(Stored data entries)
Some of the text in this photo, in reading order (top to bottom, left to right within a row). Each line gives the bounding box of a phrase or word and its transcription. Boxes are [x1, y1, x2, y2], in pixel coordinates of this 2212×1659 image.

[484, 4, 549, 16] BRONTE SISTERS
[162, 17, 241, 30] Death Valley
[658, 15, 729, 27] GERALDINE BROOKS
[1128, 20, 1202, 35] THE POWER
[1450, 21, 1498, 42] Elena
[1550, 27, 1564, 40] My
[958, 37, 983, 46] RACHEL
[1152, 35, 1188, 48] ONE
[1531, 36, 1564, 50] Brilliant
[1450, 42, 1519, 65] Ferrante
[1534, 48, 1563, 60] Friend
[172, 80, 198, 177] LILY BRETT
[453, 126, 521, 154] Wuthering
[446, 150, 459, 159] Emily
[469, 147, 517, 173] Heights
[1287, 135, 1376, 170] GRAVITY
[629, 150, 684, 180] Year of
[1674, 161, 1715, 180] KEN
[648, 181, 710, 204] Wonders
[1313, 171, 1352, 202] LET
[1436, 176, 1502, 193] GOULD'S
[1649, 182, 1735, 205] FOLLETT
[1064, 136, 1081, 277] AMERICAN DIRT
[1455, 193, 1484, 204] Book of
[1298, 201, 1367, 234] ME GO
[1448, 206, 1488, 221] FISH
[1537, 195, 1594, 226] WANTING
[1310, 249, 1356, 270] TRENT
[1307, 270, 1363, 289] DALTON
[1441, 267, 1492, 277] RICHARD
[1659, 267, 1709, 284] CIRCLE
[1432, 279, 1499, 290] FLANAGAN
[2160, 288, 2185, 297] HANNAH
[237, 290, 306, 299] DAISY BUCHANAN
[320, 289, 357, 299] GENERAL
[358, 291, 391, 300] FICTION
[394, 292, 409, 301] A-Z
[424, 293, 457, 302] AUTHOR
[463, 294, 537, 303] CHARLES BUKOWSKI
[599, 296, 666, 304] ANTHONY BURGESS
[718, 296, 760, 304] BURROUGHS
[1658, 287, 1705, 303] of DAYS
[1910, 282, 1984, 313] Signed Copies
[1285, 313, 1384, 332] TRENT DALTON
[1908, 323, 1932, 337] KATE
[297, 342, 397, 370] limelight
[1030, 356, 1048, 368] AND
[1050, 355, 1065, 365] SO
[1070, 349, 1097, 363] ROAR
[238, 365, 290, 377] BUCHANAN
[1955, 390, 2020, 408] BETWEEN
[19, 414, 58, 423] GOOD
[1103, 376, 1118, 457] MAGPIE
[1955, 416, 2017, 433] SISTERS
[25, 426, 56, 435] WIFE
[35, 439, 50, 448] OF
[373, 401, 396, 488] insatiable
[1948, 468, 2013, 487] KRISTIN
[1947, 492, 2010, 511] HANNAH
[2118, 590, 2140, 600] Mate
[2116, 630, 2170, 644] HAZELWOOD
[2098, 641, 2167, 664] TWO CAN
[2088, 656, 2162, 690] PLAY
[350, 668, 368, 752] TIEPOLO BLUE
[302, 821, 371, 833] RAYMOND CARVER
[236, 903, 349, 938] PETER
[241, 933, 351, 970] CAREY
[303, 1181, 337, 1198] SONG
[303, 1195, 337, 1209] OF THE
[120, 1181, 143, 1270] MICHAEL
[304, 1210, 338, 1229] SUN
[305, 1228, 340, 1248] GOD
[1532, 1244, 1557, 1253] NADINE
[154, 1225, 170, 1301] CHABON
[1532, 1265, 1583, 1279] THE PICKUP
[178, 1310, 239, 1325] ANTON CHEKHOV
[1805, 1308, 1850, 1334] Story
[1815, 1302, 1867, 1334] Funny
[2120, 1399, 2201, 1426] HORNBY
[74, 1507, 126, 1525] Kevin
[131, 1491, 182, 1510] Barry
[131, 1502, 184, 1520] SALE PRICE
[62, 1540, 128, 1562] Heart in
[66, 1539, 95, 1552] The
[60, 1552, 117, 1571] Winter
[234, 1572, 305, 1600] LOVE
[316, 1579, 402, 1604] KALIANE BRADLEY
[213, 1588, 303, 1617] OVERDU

» Work to be completed:
After reading the records above, work out how many lines contain "HANNAH" and give that number only.

» Result:
2